Cloudflare seem to be getting into thr swing of breaking things and then being transparent. But this really reads as a fun "did you know", not a "we broke things again - please still use us".

There's no real RCA except to blame an RFC - but honestly, for a large-scale operation like there's this seems very big to slip through the cracks.

I would make a joke about South Park's oil "I'm sorry".. but they don't even seem to be

devman0 4 minutes ago|||
Even if 'possibly preface' is interpreted to mean CNAME RRSets should appear first there is still a broken reliance by some resolvers on the order of CNAME RRsets if there is more than one CNAME in the chain. This expectation of ordering is not promised by the relevant RFCs.
inopinatus 47 minutes ago|||
The article makes it very clear that the ambiguity arises in another phrase: “difference in ordering of the RRs in the answer section is not significant”, which is applied to an example; the problem with examples being that they are illustrative, viz. generalisable, and thus may permit order ambiguity everywhere, and in any case, whether they should or shouldn’t becomes a matter of pragmatic context.

Which goes to show, one person’s “obvious understanding” is another’s “did they even read the entire document”.

All of which also serves to highlight the value of normative language, but that came later.

a7b3fa 52 minutes ago|||
I agree with you, and I also think that their interpretation of example 6.2.1 in the RFC is somewhat nonsensical. It states that “The difference in ordering of the RRs in the answer section is not significant.” But from the RFC, very clearly this comment is relevant only to that particular example; it is comparing two responses and saying that in this case, the different ordering has no semantic effect.

And perhaps this is somewhat pedantic, but they also write that “RFC 1034 section 3.6 defines Resource Record Sets (RRsets) as collections of records with the same name, type, and class.” But looking at the RFC, it never defines such a term; it does say that within a “set” of RRs “associated with a particular name” the order doesn’t matter. But even if the RFC had said “associated with a particular combination of name, type, and class”, I don’t see how that could have introduced ambiguity. It specifies an exception to a general rule, so obviously if the exception doesn’t apply, then the general rule must be followed.

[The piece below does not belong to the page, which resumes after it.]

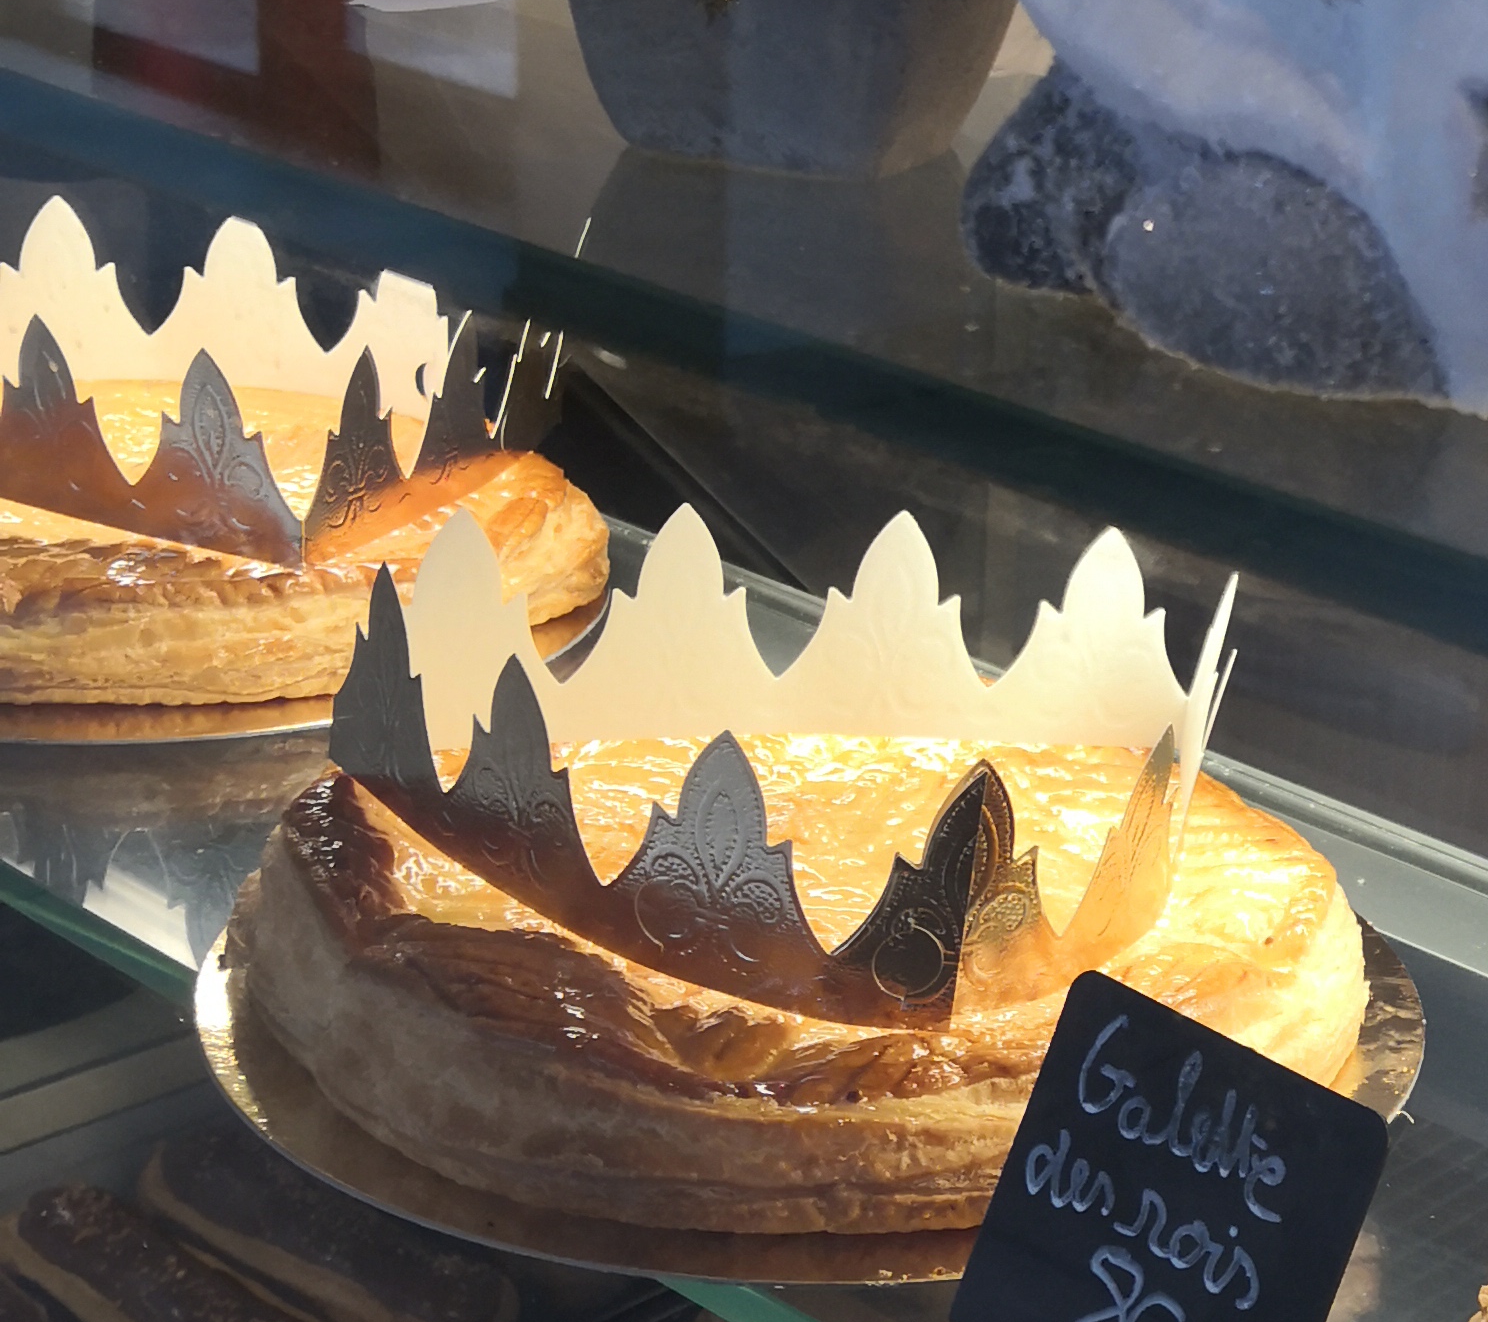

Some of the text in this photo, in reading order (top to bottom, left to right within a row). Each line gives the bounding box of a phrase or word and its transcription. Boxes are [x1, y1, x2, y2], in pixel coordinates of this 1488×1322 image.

[1078, 1013, 1288, 1224] Galette
[1025, 1128, 1261, 1311] des rois

Anyway, Cloudflare probably know their DNS better than I do, but I did not find the article especially persuasive; I think the ambiguity is actually just a misreading, and that the RFC does require a particular ordering of CNAME records.

(ETA:) Although admittedly, while the RFC does say that CNAMEs must come before As in the answer, I don’t necessarily see any clear rule about how CNAME chains must be ordered; the RFC just says “Domain names in RRs which point at another name should always point at the primary name and not the alias ... Of course, by the robustness principle, domain software should not fail when presented with CNAME chains or loops; CNAME chains should be followed”. So actually I guess I do agree that there is some ambiguity about the responses containing CNAME chains.

taeric 41 minutes ago|||
Isn't this literally noted in the article? The article even points out that the RFC is from before normative words were standardized for hard requirements.
paulddraper 1 hour ago||
100%

I just commented the same.

It's pretty clear that the "possibly" refers to the presence of the CNAME RRs, not the ordering.

patrickmay 2 hours ago||
A great example of Hyrum's Law:

"With a sufficient number of users of an API, it does not matter what you promise in the contract: all observable behaviors of your system will be depended on by somebody."

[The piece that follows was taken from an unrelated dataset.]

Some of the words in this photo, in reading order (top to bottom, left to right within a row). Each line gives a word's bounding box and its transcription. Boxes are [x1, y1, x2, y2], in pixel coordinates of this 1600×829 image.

combined with failure to follow Postel's Law:

"Be conservative in what you send, be liberal in what you accept."

mmastrac 1 hour ago||
Postel's law is considered more and more harmful as the industry evolved.
CodesInChaos 1 hour ago|||
That depends on how Postel's law is interpreted.

What's reasonable is: "Set reserved fields to 0 when writing and ignore them when reading." (I heard that was the original example). Or "Ignore unknown JSON keys" as a modern equivalent.

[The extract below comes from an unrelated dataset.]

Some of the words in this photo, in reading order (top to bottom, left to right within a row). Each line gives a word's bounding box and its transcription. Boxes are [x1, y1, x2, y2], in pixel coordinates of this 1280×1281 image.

What's harmful is: Accept an ill defined superset of the valid syntax and interpret it in undocumented ways.

n2d4 1 hour ago||||
Very much so. A better law would be conservative in both sending and accepting, as it turns out that if you are liberal in what you accept, senders will choose to disobey Postel's law and be liberal in what they send, too.
esafak 1 hour ago|||
I think it is okay to accept liberally as long as you combine it with warnings for a while to give offenders a chance to fix it.
hdjrudni 1 hour ago|||
"Warnings" are like the most difficult thing to 'send' though. If an app or service doesn't outright fail, warnings can be ignored. Even if not ignored... how do you properly inform? A compiler can spit out warnings to your terminal, sure. Test-runners can log warnings. An RPC service? There's no standard I'm aware of. And DNS! Probably even worse. "Yeah, your RRs are out of order but I sorted them for you." where would you put that?
diarrhea 10 minutes ago|||
Randomly fail or (increasingly) delay a random subset of all requests.
esafak 1 hour ago|||
> how do you properly inform?

Through the appropriate channels; in-band and out-of-band.

psnehanshu 1 hour ago||||
Warnings are ignored. It's much better to fail fast.
dotancohen 1 hour ago|||
The Python 3 community was famously divided on that matter, wrt Python 3. Now that it is over, most people on the "accept liberally" side of the fence have jumped sides.
ajross 33 minutes ago||
That's true, but sort of misses the spirit of Hyrum's law (which is that the world is filled with obscure edge cases).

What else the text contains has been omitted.